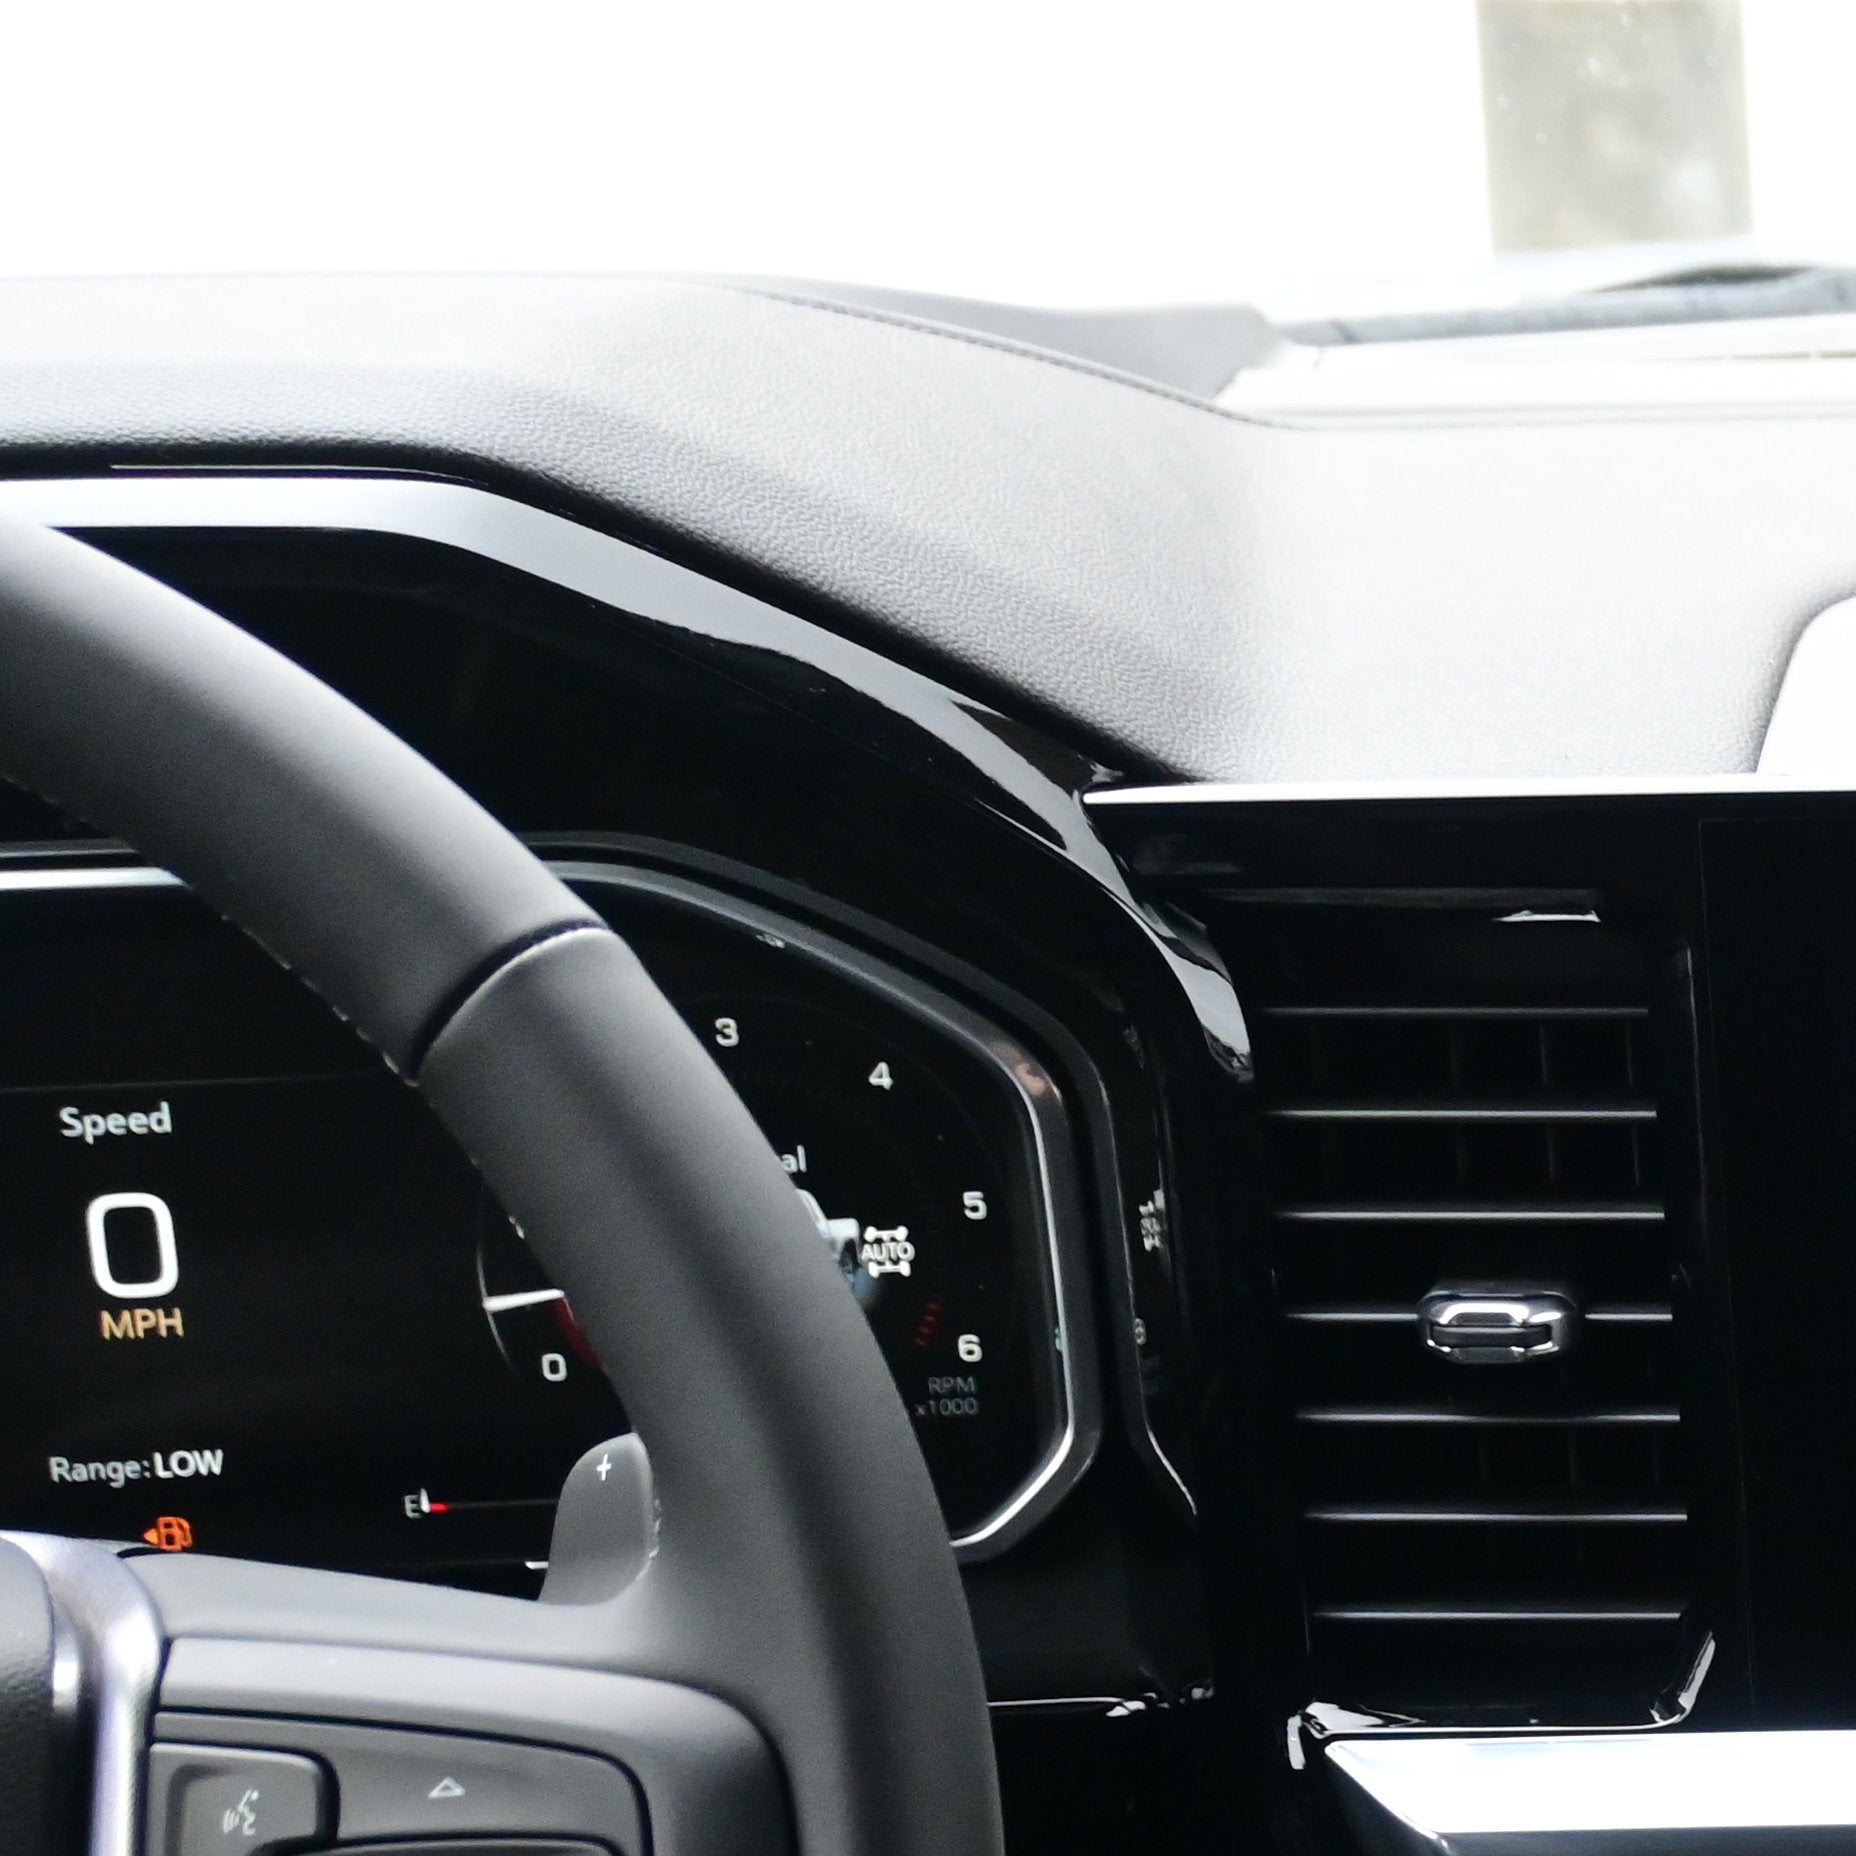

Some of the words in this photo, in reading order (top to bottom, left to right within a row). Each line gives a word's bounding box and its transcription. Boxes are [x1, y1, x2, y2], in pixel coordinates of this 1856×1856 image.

[714, 1017, 739, 1047] 3
[868, 1061, 893, 1090] 4
[59, 1101, 172, 1145] Speed
[962, 1191, 987, 1220] 5
[86, 1192, 179, 1299] 0
[861, 1240, 915, 1262] AUTO
[100, 1307, 184, 1340] MPH
[957, 1334, 982, 1362] 6
[541, 1353, 567, 1382] 0
[928, 1376, 975, 1394] RPM
[49, 1456, 151, 1488] Range:
[153, 1449, 224, 1479] LOW
[404, 1495, 419, 1518] E

• • • • • • •

ASSIGNMENT: Could you return each entry word for word, with the images omitted?

EXERCISE RESPONSE:
Some of the words in this photo, in reading order (top to bottom, left to right within a row). Each line gives a word's bounding box and its transcription. Boxes are [x1, y1, x2, y2], in pixel coordinates of this 1856×1856 image.

[714, 1017, 739, 1047] 3
[868, 1061, 893, 1090] 4
[59, 1101, 172, 1145] Speed
[962, 1191, 987, 1220] 5
[86, 1192, 179, 1299] 0
[861, 1240, 915, 1262] AUTO
[100, 1307, 184, 1340] MPH
[957, 1334, 982, 1362] 6
[541, 1353, 567, 1382] 0
[928, 1376, 975, 1394] RPM
[49, 1456, 151, 1488] Range:
[153, 1449, 224, 1479] LOW
[404, 1495, 419, 1518] E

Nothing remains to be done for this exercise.